Some historians have written that Marshall, the NAACP lawyers and the Black community were convinced that the Supreme Court decision guaranteed Black children the education their parents and communities had suffered and died for since 1865.
The dream of true emancipation through education continues to elude our Black community. It has become clear that the issues facing Black parents and Black communities are larger than simply the condition of the schools or transportation. They are more subtle and insidious.
In many schools, Black children are taught by teachers who believe them to be inferior and, therefore, treat them that way. The same teachers teach white children that they are superior. Curiously, the degree to which Black children are experiencing this from teachers has increased since the enforcement of Brown. Many Black children are forced to fight their way rather than learn their way through school in an effort to gain some sense of self-respect.
In many communities, experienced Black teachers have been removed from classrooms with large numbers of Black students where they served as models and have either been “promoted” to an administrative position or reassigned to a white majority school.
Furthermore, teachers are offered pay incentives classified as combat pay, to accept teaching assignments in schools in Black majority neighborhoods. All of these behaviors and policies perpetuate institutionalized racism which is etched deeply into the American social fabric.
One year after the historic May 1954 decision, renowned scholar and historian, Dr. W.E.B. Du Bois, predicted that it would force Black people to face:
…a cruel dilemma…with successfully mixed schools they know what their children must suffer for years from southern white teachers, from white students who sit beside them and under school authorities from janitors to superintendents, who hate and despise them….They must eventually surrender race ‘solidarity’ and the idea of American Negro culture to the concept of world humanity, above race and nation. This is the price of liberty. This is the cost of oppression.
Unfortunately, Dr. Du Bois was accurate in predicting the experiences Black children would have in desegregated schools.
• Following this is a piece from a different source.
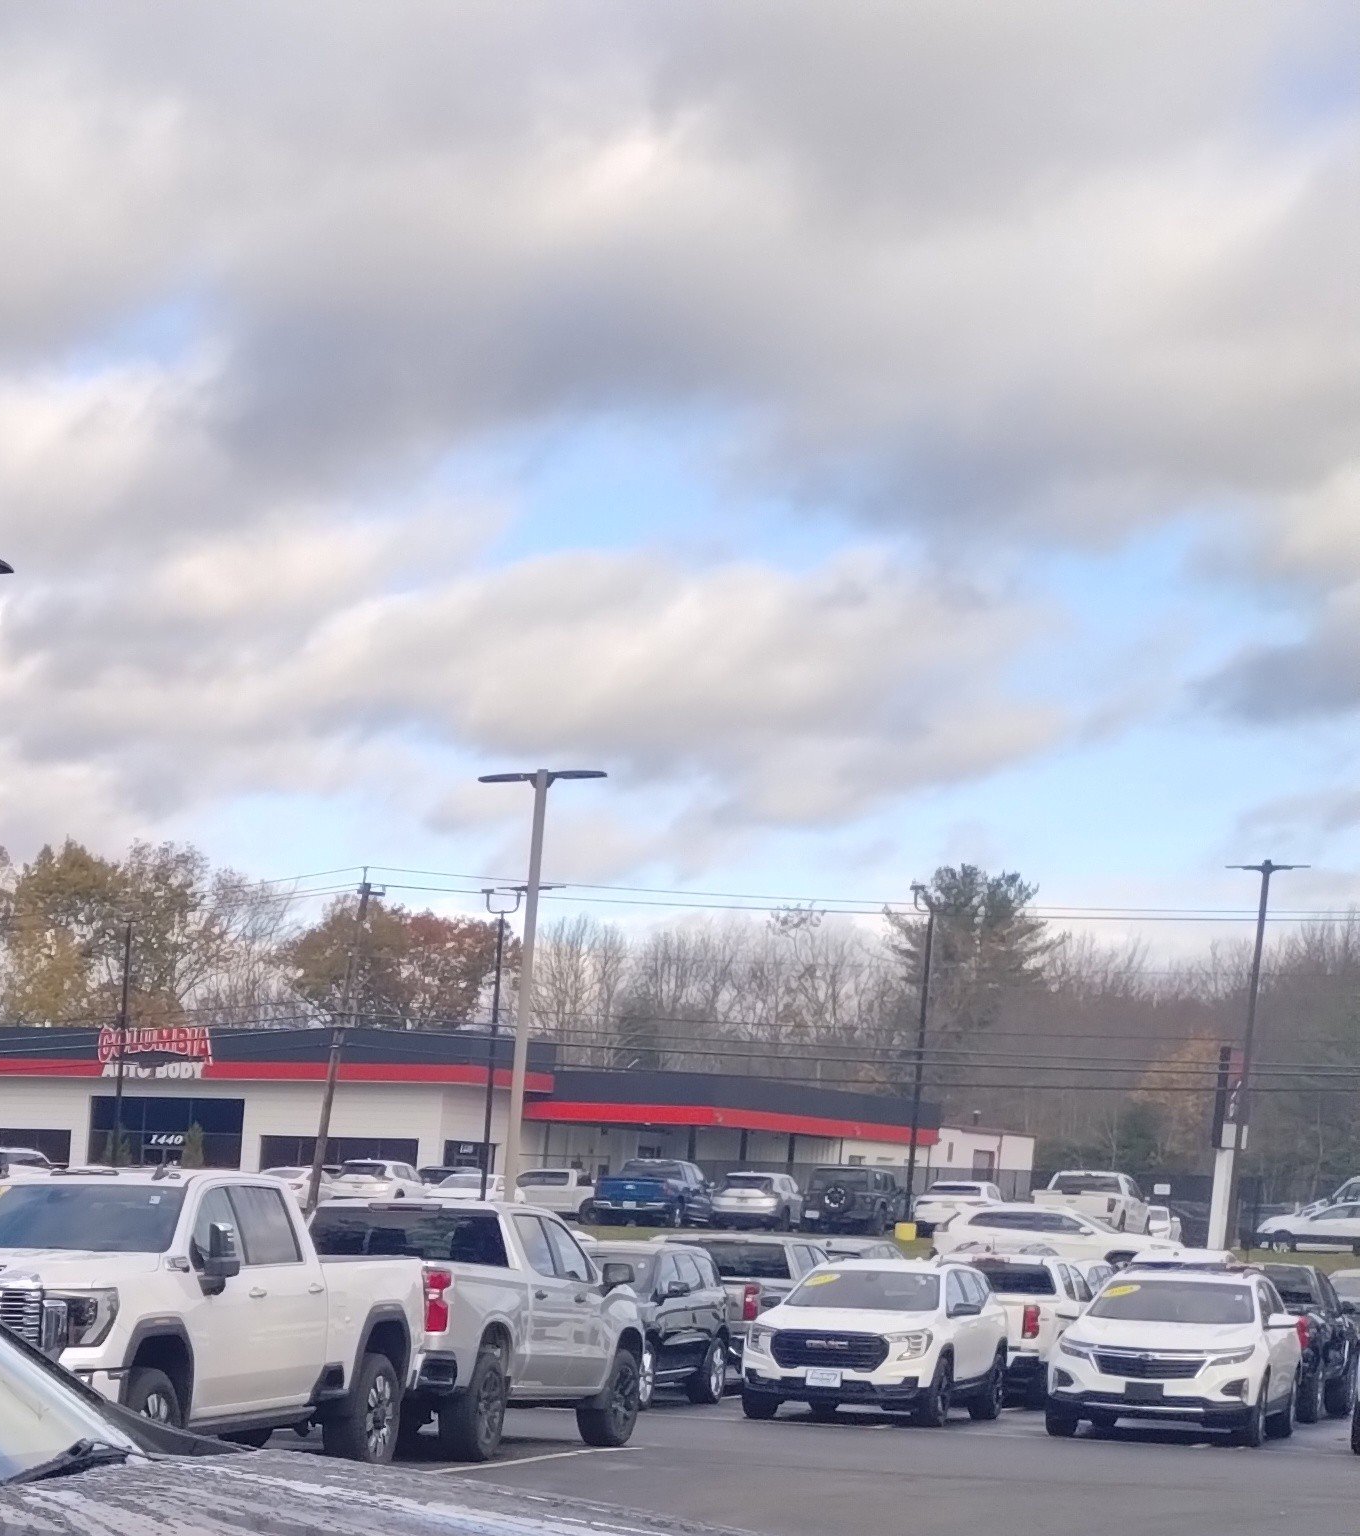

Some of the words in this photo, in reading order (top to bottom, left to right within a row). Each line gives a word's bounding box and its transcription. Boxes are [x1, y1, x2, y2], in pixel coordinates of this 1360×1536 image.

[98, 1025, 213, 1067] COLUMBIA
[155, 1060, 205, 1079] BODY
[149, 1133, 184, 1146] 1440
In today’s system our children are not being taught to function successfully in society. Their learning has been replaced by emphasis on the achievement gap. The U.S. Department of Education describes this gap as “the difference in academic performance between different ethnic groups.” The Department also states that the achievement gap is a multifaceted problem that requires examination from multiple perspectives. Some educators suggest it is the difference between a child’s potential and his/her actual achievement.
In my judgment, the challenge to help Black students reach that potential is, in part, the lack of knowledge about and respect for the Black student’s community’s relationship/history with education. Neither the teachers nor our children know their history. They don’t know who they are, their relationship to education or, from whence they have come.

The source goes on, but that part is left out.